Investing via your bank hasn't always been the wisest choice. In the early 2000s, the retail banking sector was rocked by controversies involving hefty fees, poor performance and mis-selling.

Now, though, the banks have offers tailored for everyday customers. NatWest, Barclays, Lloyds, Santander and HSBC have investment funds that allow customers to spread their money across shares, funds and other assets.

Many services are available online. But at Barclays and Santander customers can book a phone call with an investment planner.

Do it yourself

When it comes to investment platforms, the picture is different: with many offering offline options.

Sarah Coles, of platform Hargreaves Lansdown, says: 'Not being comfortable online doesn't mean you have to rule out investing.' The firm and other big platforms (including Fidelity and Charles Stanley) offer a more 'old-fashioned' investment model.

Customers set up an account by phone, then pay into it by bank transfer, debit card or direct debit. Then you speak to a broker by phone and buy shares and funds, or send instructions by post.
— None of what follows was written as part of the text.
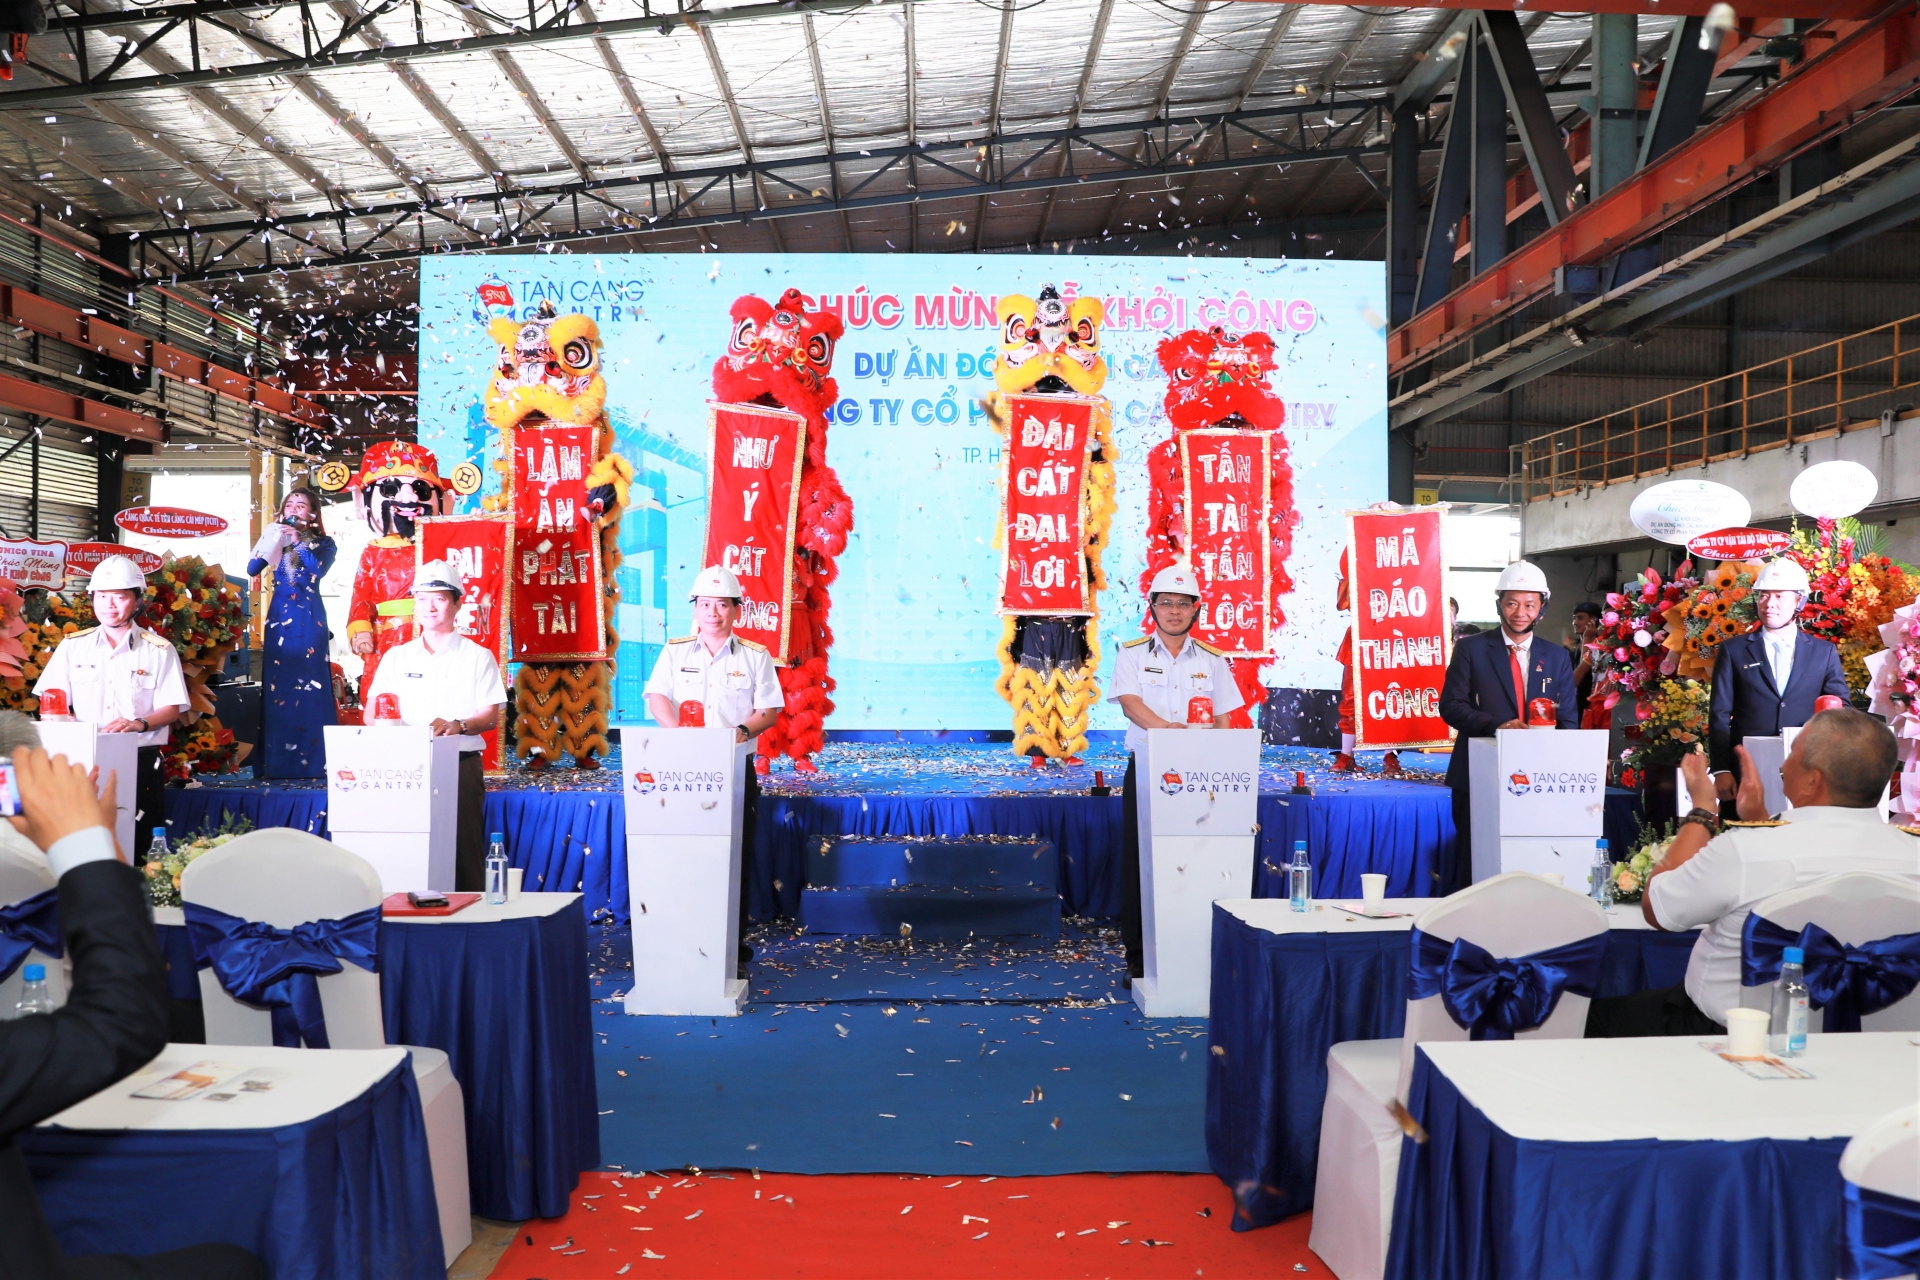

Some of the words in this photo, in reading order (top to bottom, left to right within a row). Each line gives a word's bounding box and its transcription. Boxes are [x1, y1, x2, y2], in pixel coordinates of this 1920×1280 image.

The services are 'execution only', meaning you pick your investments. But you can read about shares and funds in newspapers. Platforms usually have their own guides, too.

However, they may charge offline customers higher fees to cover costs. Hargreaves Lansdown charges phone or postal customers a 1per cent fee (with a minimum £20, and maximum £50) on each order.

For online customers, the charge is £11.95 for shares and investment trusts — while funds can be bought and sold without any fees at all.

This means an offline customer investing £20,000 evenly across five funds would pay £200 more.

Generation gap: Older people remain less likely to invest: with only 41% of over-75s saying they felt comfortable investing after the pandemic

Seek advice

One alternative is to hire a financial adviser to manage your money.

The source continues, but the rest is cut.